Since I haven't seen any comments on it yet (which I'm rather surprised about) and since you're an ISP, could you shed some light on Wired's article about net neutrality (http://www.wired.com/epicenter/2009/09/fcc-neutrality-mistake/)? I'm just baffled by some of what the article said, such as:
Net neutrality regulations make sense in closed, monopolistic situations. But outside of small, rural markets, most of the U.S. offers a high level of competitive choice. Donâ(TM)t like Comcast cable internet? Switch to SpeakEasy, Astound or SBC, or look into satellite internet.

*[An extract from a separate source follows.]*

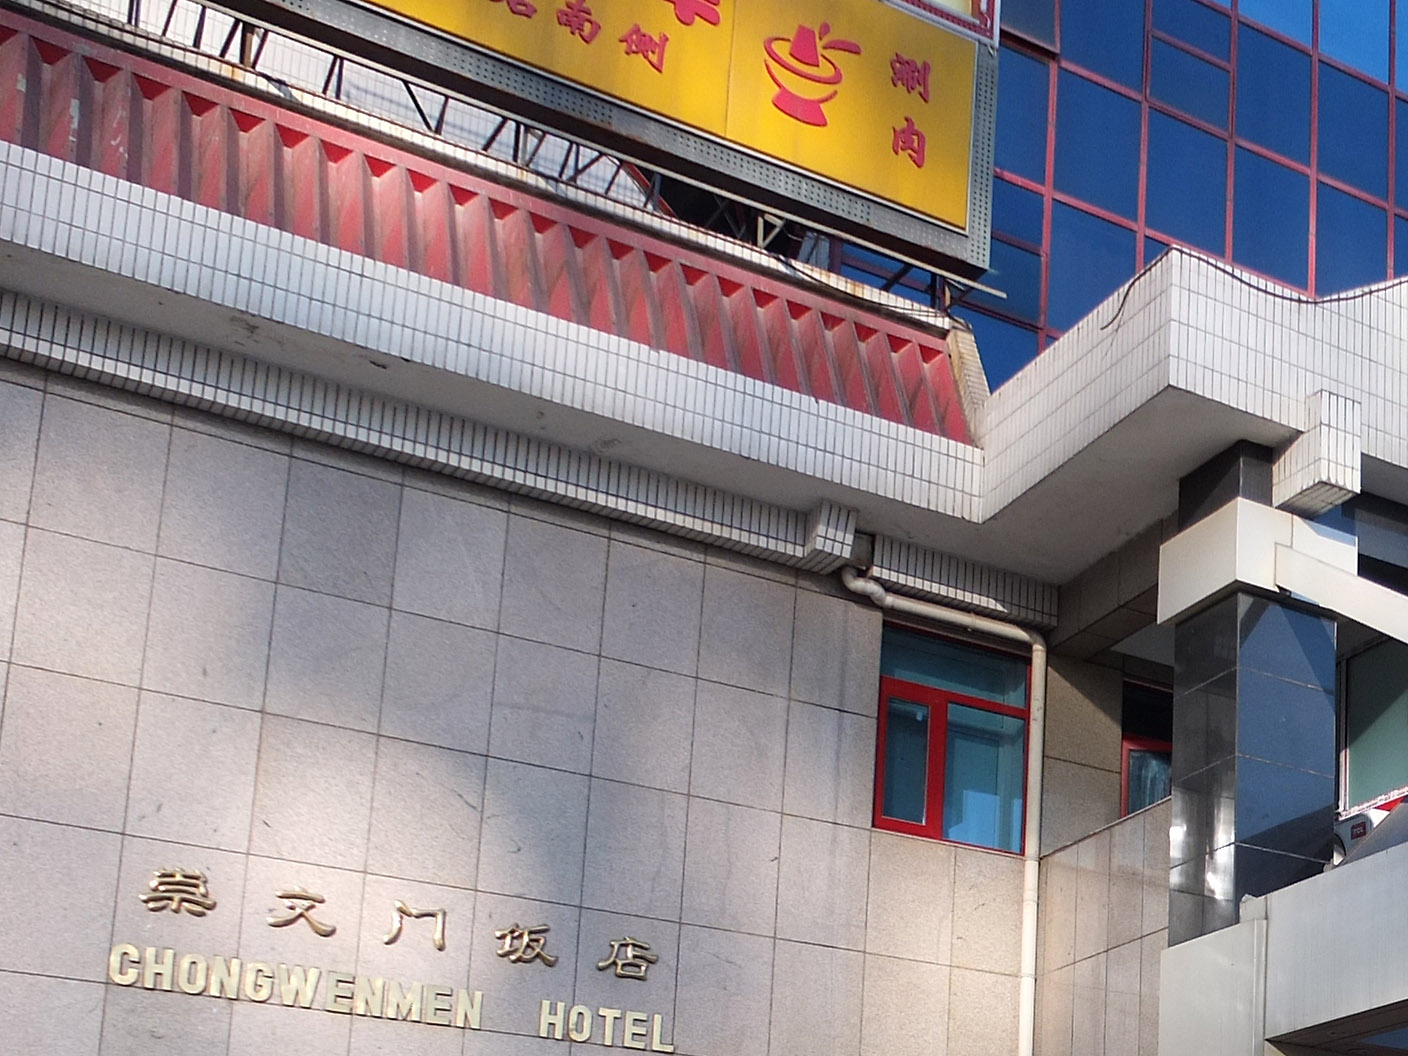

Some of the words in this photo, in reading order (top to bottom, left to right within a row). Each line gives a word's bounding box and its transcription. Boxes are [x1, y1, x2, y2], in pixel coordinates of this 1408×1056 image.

[139, 866, 659, 981] 崇文门饭店
[108, 943, 484, 1030] CHONGWENMEN
[538, 999, 676, 1053] HOTEL

I currently live in a rural area where we have one ISP option: Time Warner Cable/Roadrunner. But I'm from the San Francisco bay area, where our options are SBC/Yahoo!/AT&T or Comcast. There used to be AOL, too, for broadband, except it turned out they were using SBC's DSL network and pretty much told their broadband customers to piss off. AT&T doesn't give a rat's ass if you call and threaten to switch to Comcast, and Comcast doesn't care if you threaten to switch to AT&T (this was reinforced by my microeconomics class a few semesters ago, that there's no real competition between ISPs). So where's this crap coming from in the Wired article? Are they on something, or do they know something the rest of us don't?